→ **Extracted information**

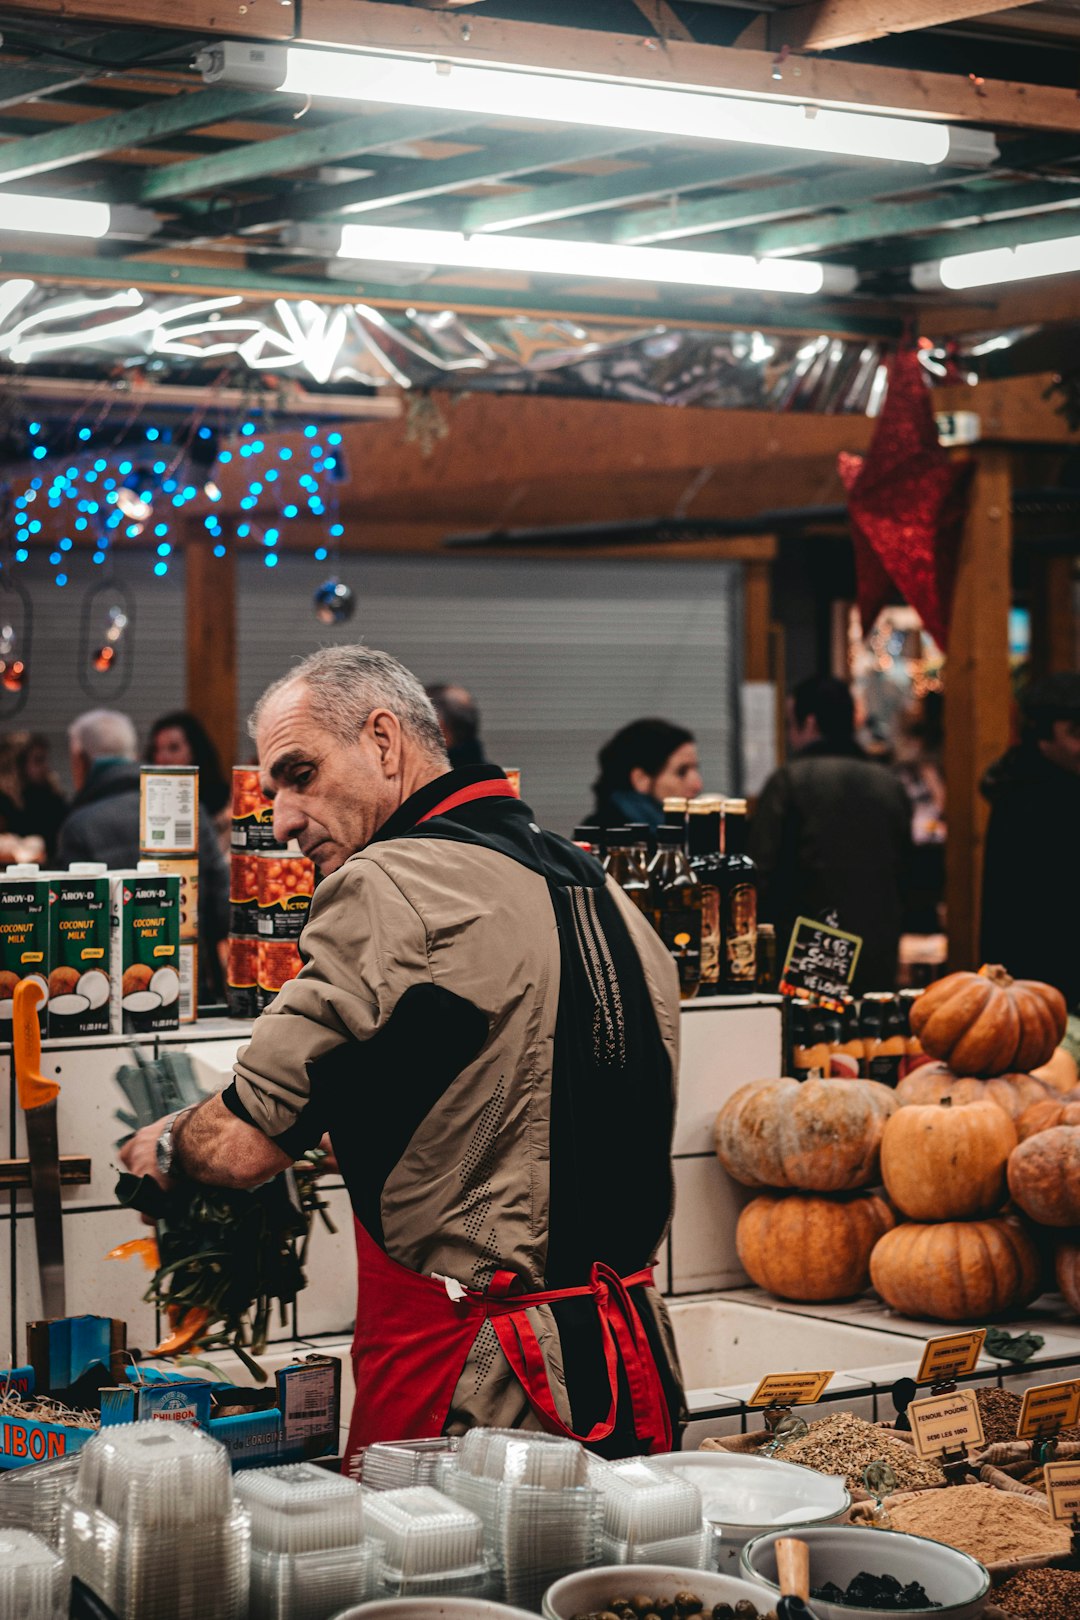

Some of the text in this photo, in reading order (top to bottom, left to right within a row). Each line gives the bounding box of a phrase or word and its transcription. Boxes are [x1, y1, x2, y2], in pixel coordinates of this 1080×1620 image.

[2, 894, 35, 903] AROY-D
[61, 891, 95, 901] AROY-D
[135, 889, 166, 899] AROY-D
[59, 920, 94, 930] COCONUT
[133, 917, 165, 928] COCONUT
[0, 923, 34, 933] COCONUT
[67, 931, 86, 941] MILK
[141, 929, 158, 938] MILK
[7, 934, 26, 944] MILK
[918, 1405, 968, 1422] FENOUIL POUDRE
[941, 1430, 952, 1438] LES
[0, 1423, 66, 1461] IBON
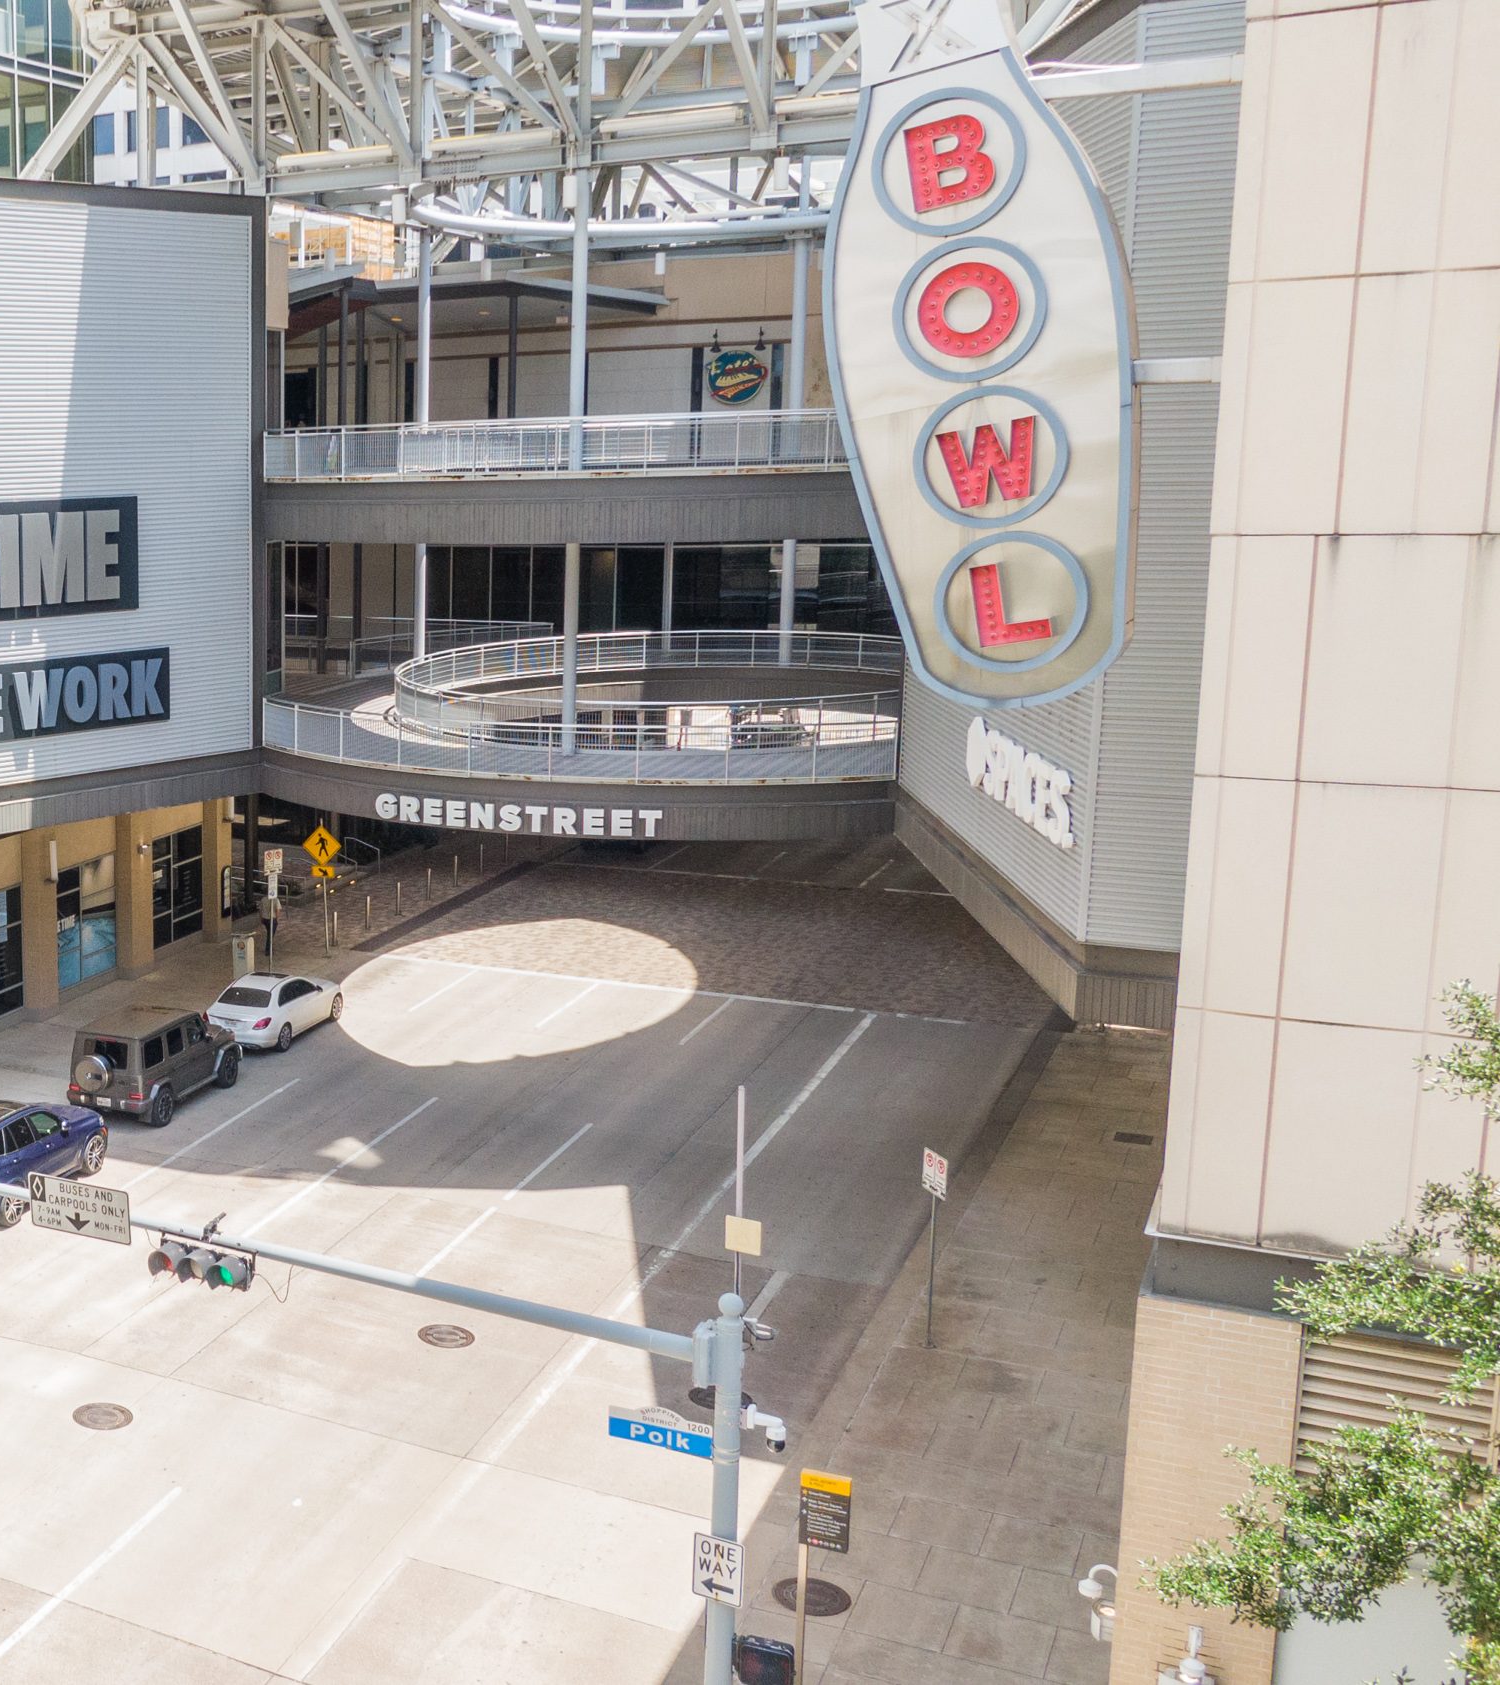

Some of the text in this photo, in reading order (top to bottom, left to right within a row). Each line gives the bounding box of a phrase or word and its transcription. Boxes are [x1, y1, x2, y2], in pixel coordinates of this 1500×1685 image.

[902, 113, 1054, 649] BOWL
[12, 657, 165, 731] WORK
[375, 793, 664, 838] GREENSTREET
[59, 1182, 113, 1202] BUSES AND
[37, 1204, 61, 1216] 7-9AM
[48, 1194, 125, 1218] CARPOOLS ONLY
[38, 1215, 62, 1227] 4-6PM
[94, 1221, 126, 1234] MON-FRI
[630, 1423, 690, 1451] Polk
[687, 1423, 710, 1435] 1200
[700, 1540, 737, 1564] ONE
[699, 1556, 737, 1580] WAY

--

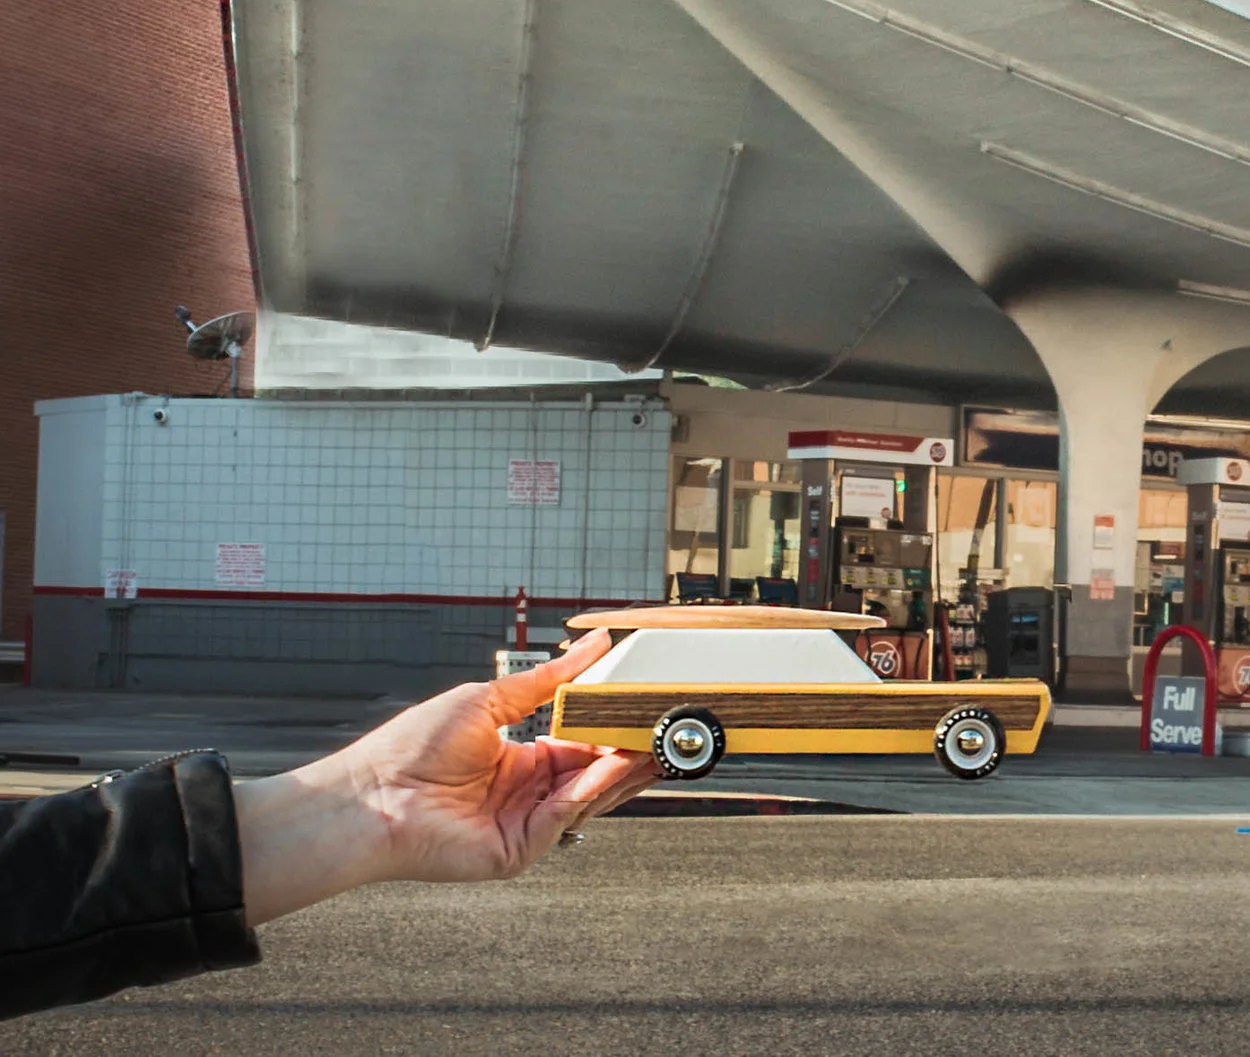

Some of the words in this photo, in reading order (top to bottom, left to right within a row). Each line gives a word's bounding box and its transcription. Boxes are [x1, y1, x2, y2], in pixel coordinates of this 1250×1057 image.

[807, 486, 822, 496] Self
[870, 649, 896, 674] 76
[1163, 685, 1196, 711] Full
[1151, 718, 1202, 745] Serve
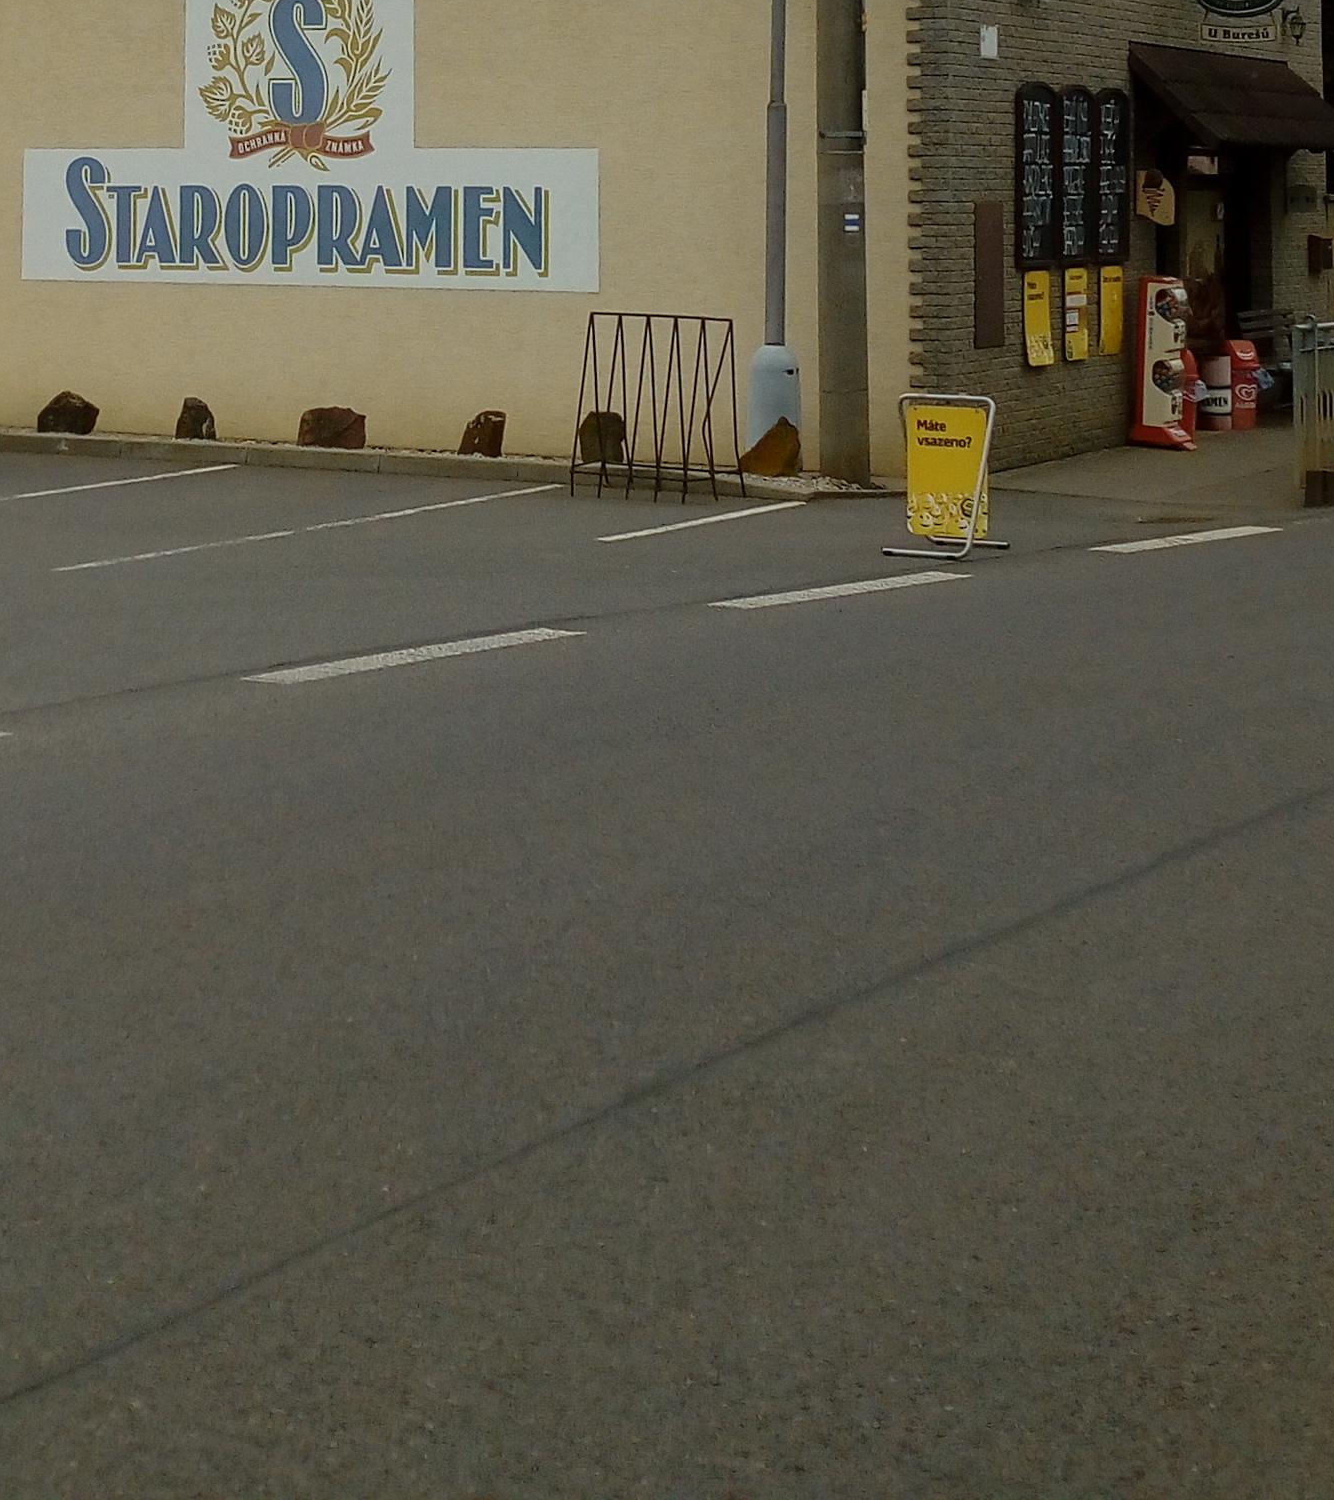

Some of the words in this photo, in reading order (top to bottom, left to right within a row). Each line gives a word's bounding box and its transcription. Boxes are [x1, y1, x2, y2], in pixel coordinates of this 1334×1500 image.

* * *

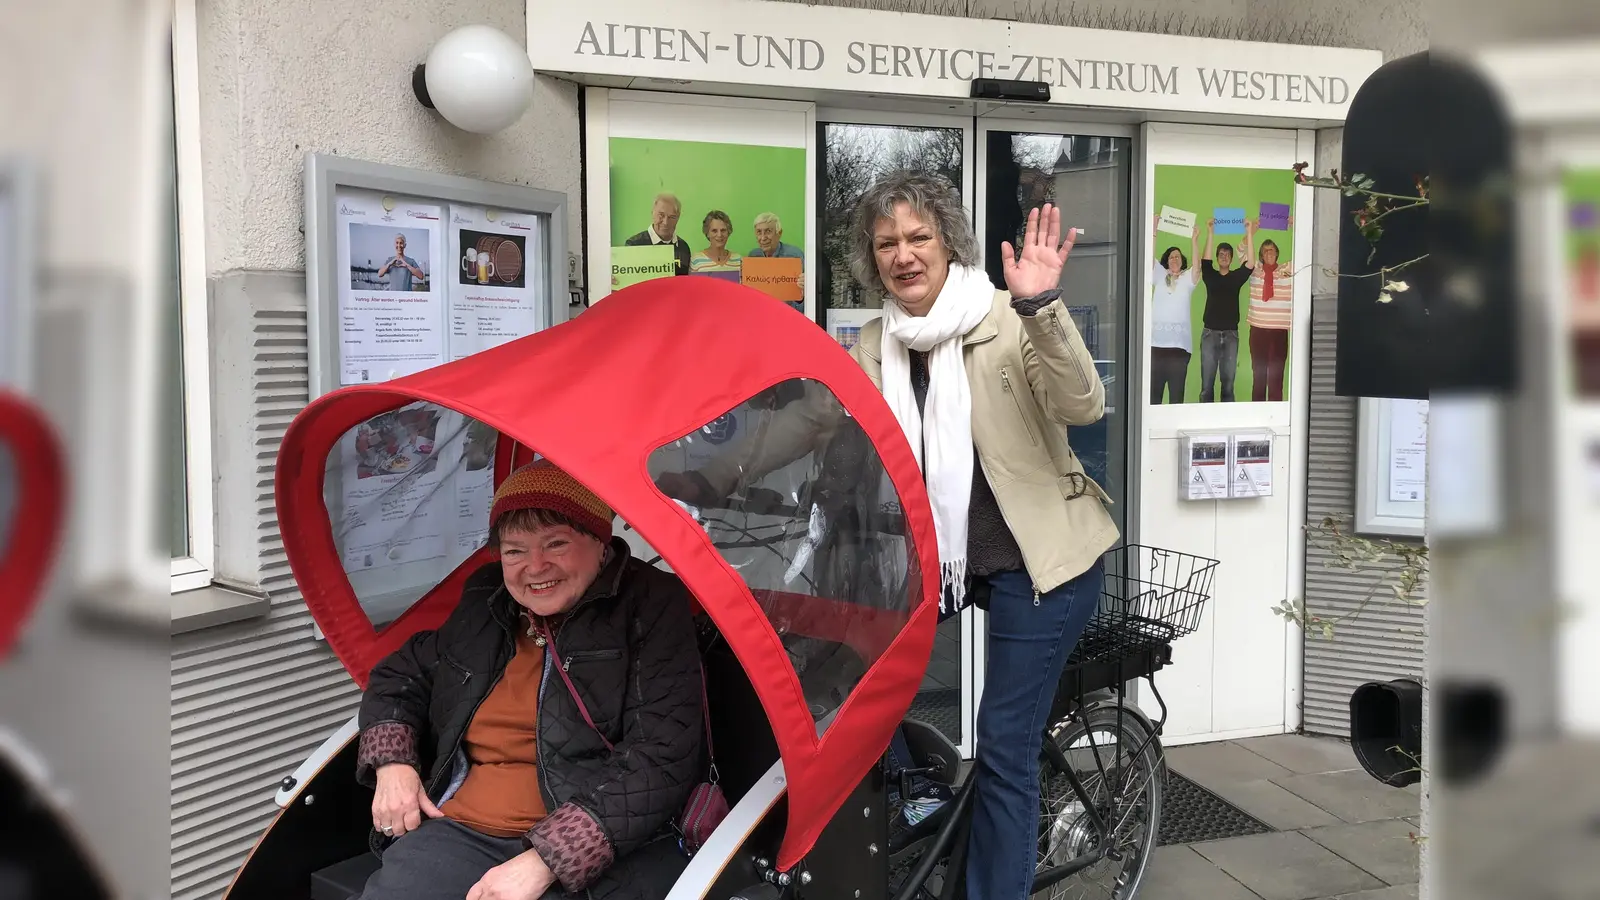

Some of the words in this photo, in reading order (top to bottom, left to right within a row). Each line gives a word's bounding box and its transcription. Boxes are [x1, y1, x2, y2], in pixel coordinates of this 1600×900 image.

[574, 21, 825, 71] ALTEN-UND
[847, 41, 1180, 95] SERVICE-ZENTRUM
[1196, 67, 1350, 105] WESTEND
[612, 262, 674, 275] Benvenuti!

→ **Required work**
Could you repeat, exactly, only the lines above starting at the one that has "this 1250×1057 image." and stopping after the one that has "this 1334×1500 image.", without the pictures?

→ **Answer section**
Some of the words in this photo, in reading order (top to bottom, left to right within a row). Each line gives a word's bounding box and its transcription. Boxes are [x1, y1, x2, y2], in pixel coordinates of this 1250×1057 image.

[807, 486, 822, 496] Self
[870, 649, 896, 674] 76
[1163, 685, 1196, 711] Full
[1151, 718, 1202, 745] Serve

Some of the words in this photo, in reading order (top to bottom, left to right within a row). Each line gives a word's bounding box and its transcription. Boxes are [x1, y1, x2, y2], in pixel coordinates of this 1334×1500 image.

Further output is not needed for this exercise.